Tanada wrote:Interesting data, what does it mean in your opinion?
ROCKMAN wrote:Projecting DW GOM is trickier. Here's the yearly production since 1985.
https://www.data.bsee.gov/homepg/data_c ... ummary.asp
You'll see it plateaued around 2002 around 350 million to 450 million bbls per year. But the combination of relative short COMMERCIAL lives (6 to 8 years) and long lag times between discovery and first production makes projecting difficult.
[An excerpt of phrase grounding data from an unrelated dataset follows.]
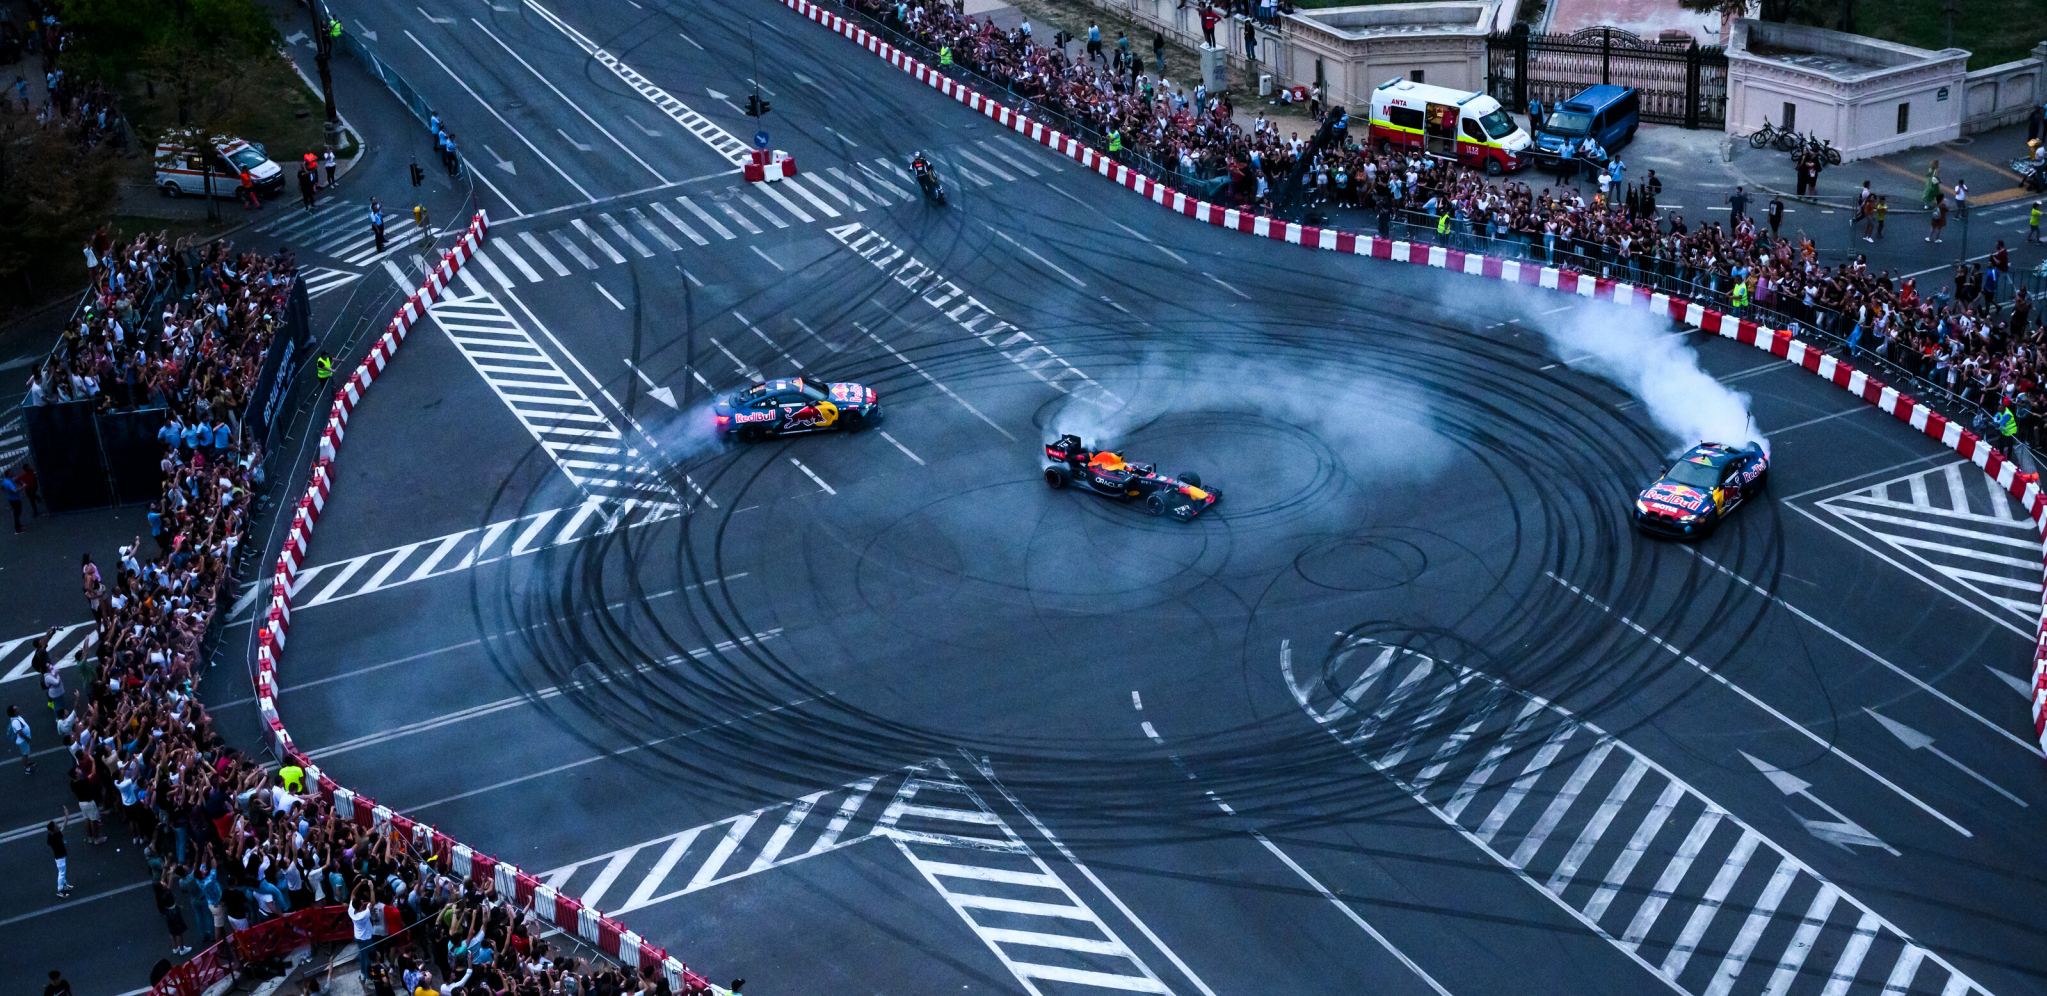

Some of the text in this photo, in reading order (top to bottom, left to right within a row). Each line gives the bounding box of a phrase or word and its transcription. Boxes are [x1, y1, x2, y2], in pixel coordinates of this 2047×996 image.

[1391, 98, 1407, 106] ANTA
[735, 409, 776, 424] Red Bull
[1743, 465, 1759, 483] Red
[1095, 476, 1124, 489] ORACLE
[1644, 489, 1702, 511] Red Bull
[1651, 502, 1678, 514] MOTUL
As a result it wouldn't be a surprise to see increased DW GOM oil production increase the next few years despite lower oil prices. Once $billions have already been spent companies will keep on schedule. Bottom line from 1985 to 2002 the DW GOM climbed an impressive Seneca Mountain from zero to 450+ million bbls of oil per year. Now on a plateau. Some DW projects early in their development phase could stall with the current lower oil price. But there's no detailed data available to make even a rough guess.
Alfred Tennyson wrote:We are not now that strength which in old days
Moved earth and heaven, that which we are, we are;
One equal temper of heroic hearts,
Made weak by time and fate, but strong in will
To strive, to seek, to find, and not to yield.
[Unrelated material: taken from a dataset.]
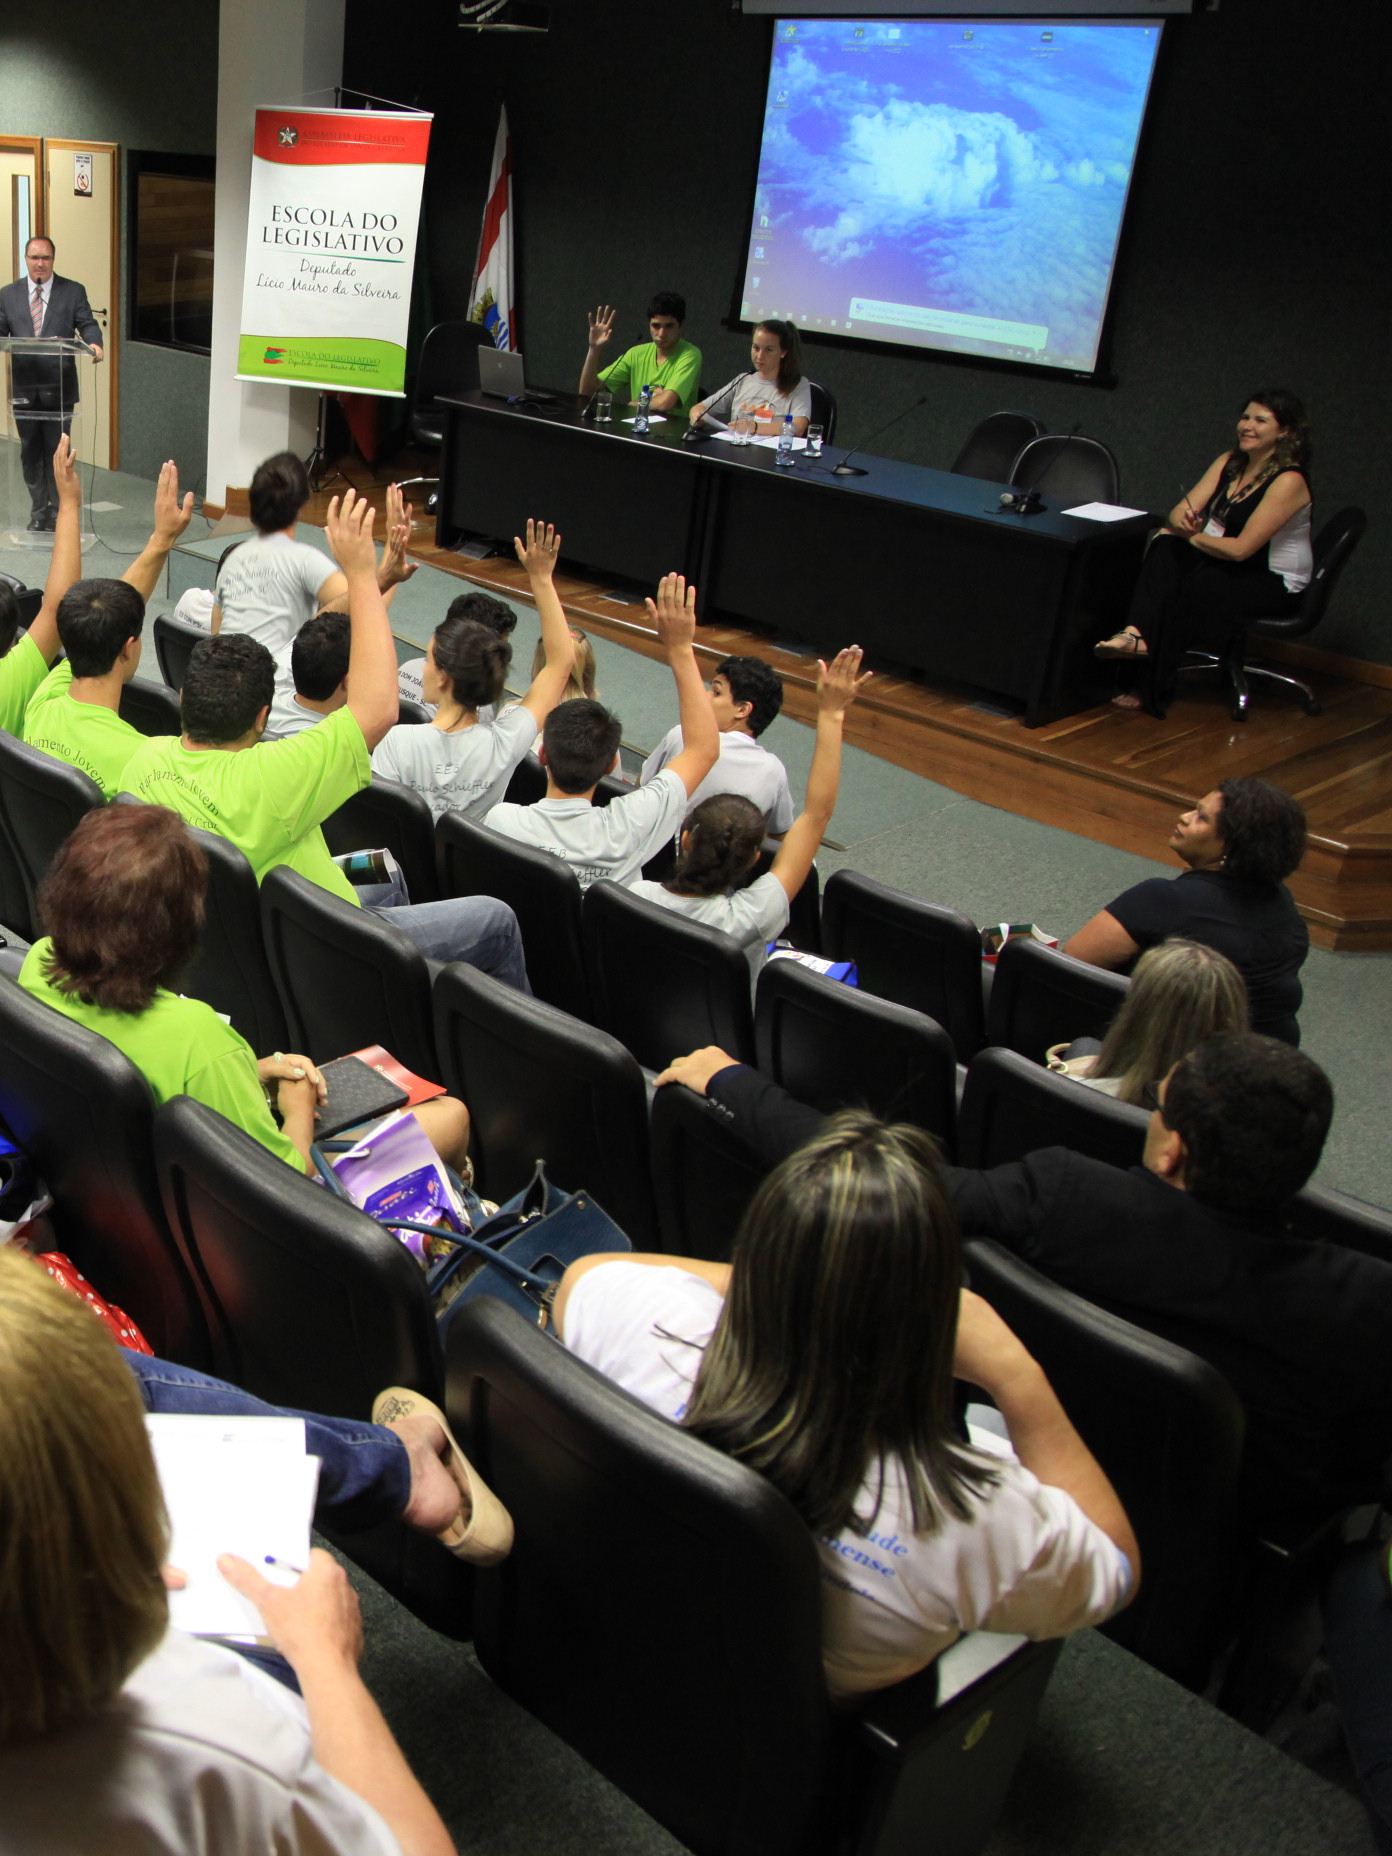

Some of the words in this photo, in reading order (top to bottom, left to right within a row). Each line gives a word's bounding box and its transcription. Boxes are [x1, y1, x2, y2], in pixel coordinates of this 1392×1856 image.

ROCKMAN wrote:"I also know that off the coast of Florida in the GOM and along both the Atlantic and Pacific seaboards there has been relatively little drilling..."
Actually 56 wells have been drilled off the US east coast:
"Offshore drilling for oil and gas on the Atlantic coast of the United States took place from 1947 to the early 1980s. Oil companies drilled five wells in Atlantic Florida state waters and 51 exploratory wells on federal leases on the outer continental shelf of the Atlantic coast. None of the wells were completed as producing wells. All the leases have now reverted to the government."
The net result was a minimal amount of oil/NG source rocks were discovered. No oil/NG generated...not accumulations to hunt for.
And not much better luck from the 59 wells drilled off the west coast of FL:
The eastern Gulf of Mexico, which includes offshore Gulf Coast Florida, has never been a petroleum-producing area. From the 1950s to the 1990s, oil companies drilled exploratory wells off the Gulf Coast of Florida. Nineteen wells were drilled in state waters, and forty were drilled in federal waters.
Gulf Oil drilled the first offshore Florida oil exploration wells in 1947, in state waters in Florida Bay south of Cape Sable, Monroe County. In 1956 Humble Oil drilled an exploratory well in state waters of Pensacola Bay, Santa Rosa County. In 1959 Gulf Oil drilled the first offshore Florida well drilled from an offshore platform, off the Florida Keys. All the wells drilled in state waters were dry holes.
The first federal lease sale offshore Florida was in 1959. In the 1980s the state of Florida objected to further federal lease sales in offshore Florida, and the last one was held in 1985. Because of state objections, the federal government agreed to pay $200 million to nine oil companies to buy back leases south of 26 degrees north latitude.
In the 1970s and early 1980s, oil companies drilled 16 wells on and around the Destin Dome, in federal waters off the Florida Panhandle; none were successful. Then from 1987 to 1995 Chevron made commercial gas discoveries on the Destin Dome 25 miles off the coast. The discovery extended the Norphlet productive trend, which is highly productive in Alabama state waters in Mobile Bay. However, the state of Florida objected to plans to produce the deposits, and in May 2002, the US government agreed to buy back 7 leases from Chevron, Conoco, and Murphy Oil for $115 million.
Alfred Tennyson wrote:We are not now that strength which in old days
Moved earth and heaven, that which we are, we are;
One equal temper of heroic hearts,
Made weak by time and fate, but strong in will
To strive, to seek, to find, and not to yield.